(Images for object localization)

=-=-=

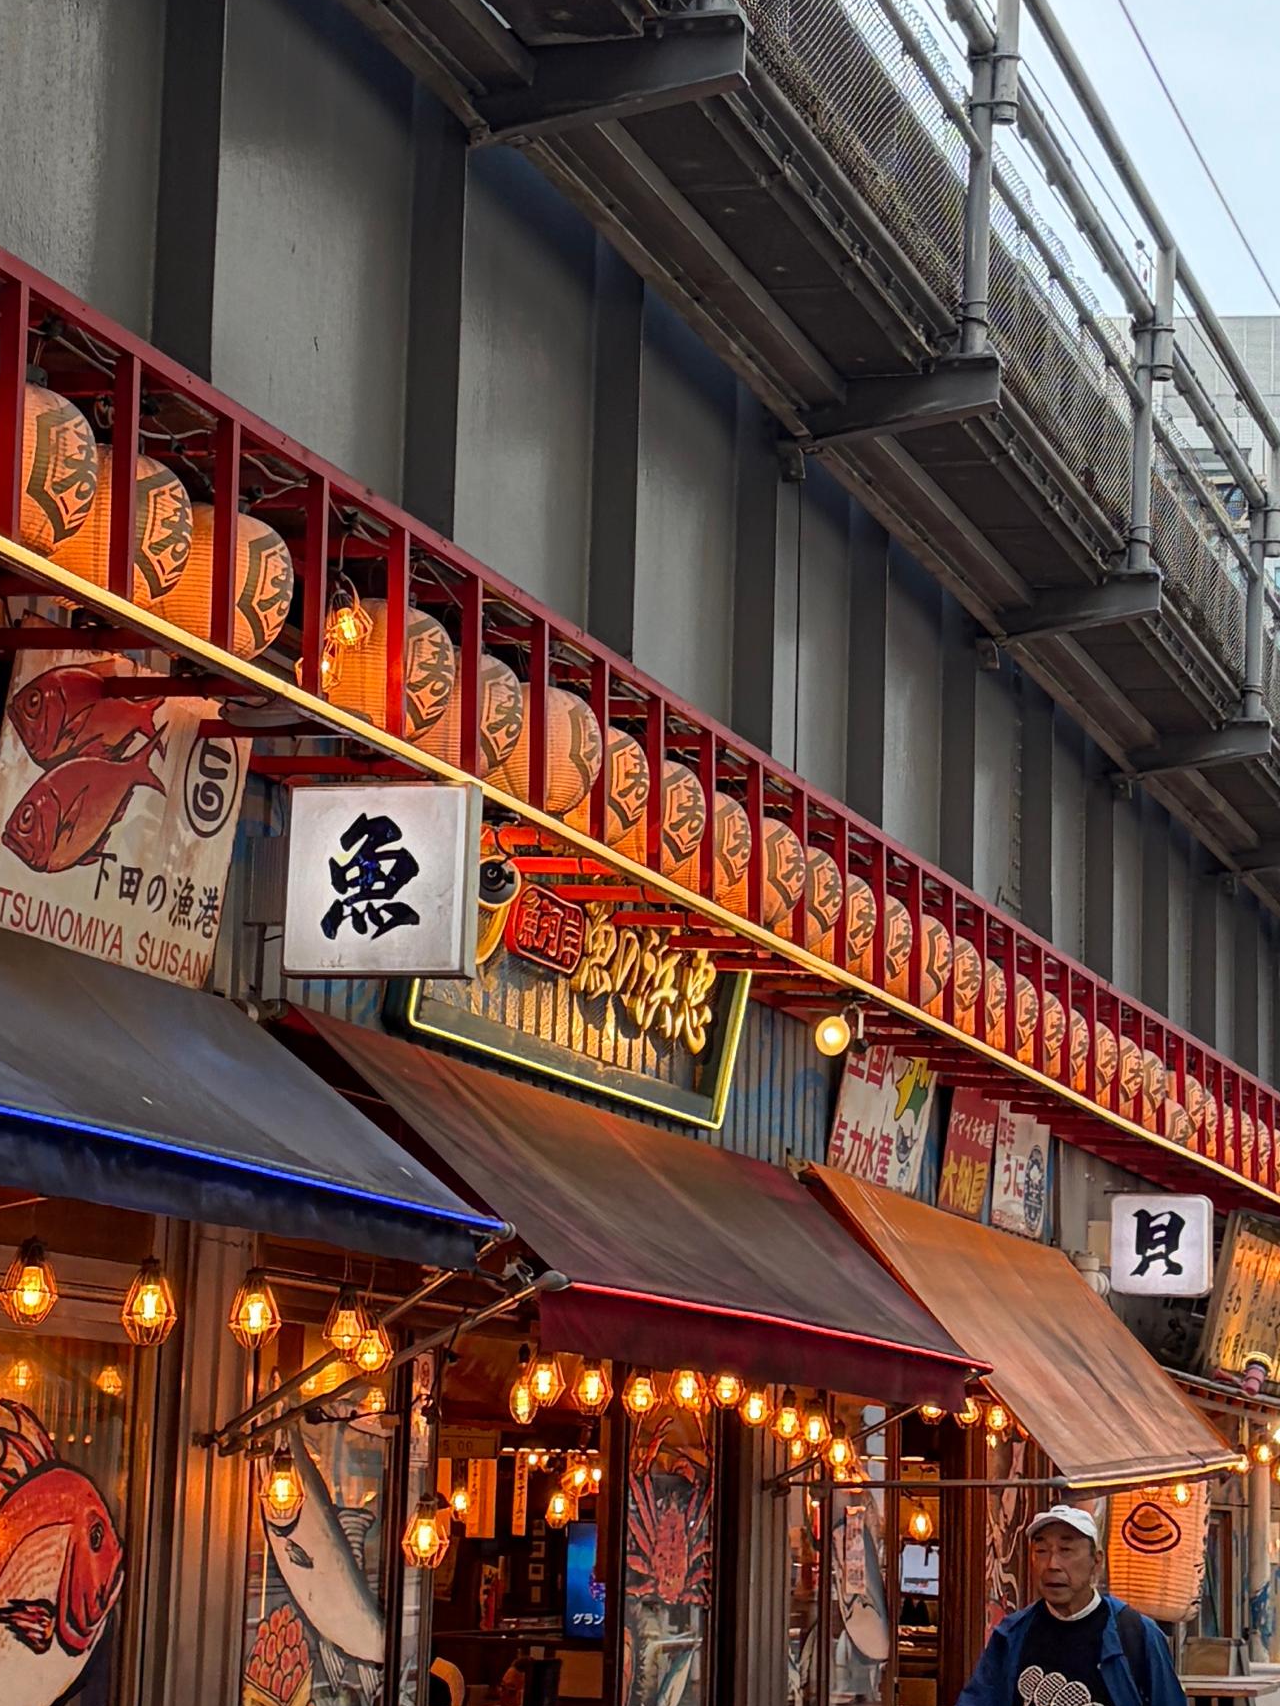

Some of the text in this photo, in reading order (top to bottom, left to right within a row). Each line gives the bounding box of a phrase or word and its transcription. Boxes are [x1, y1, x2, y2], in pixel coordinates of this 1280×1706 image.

[93, 851, 220, 940] 下田の漁港
[320, 811, 421, 941] 魚
[135, 930, 209, 983] SUISAN
[519, 889, 581, 967] 魚河岸
[1129, 1208, 1186, 1278] 貝

=-=-=

Copy out the entries verbatim and leave the images out.

- **SOLUTION BELOW**
Some of the text in this photo, in reading order (top to bottom, left to right within a row). Each line gives the bounding box of a phrase or word and its transcription. Boxes are [x1, y1, x2, y2], in pixel coordinates of this 1280×1706 image.

[93, 851, 220, 940] 下田の漁港
[320, 811, 421, 941] 魚
[135, 930, 209, 983] SUISAN
[519, 889, 581, 967] 魚河岸
[1129, 1208, 1186, 1278] 貝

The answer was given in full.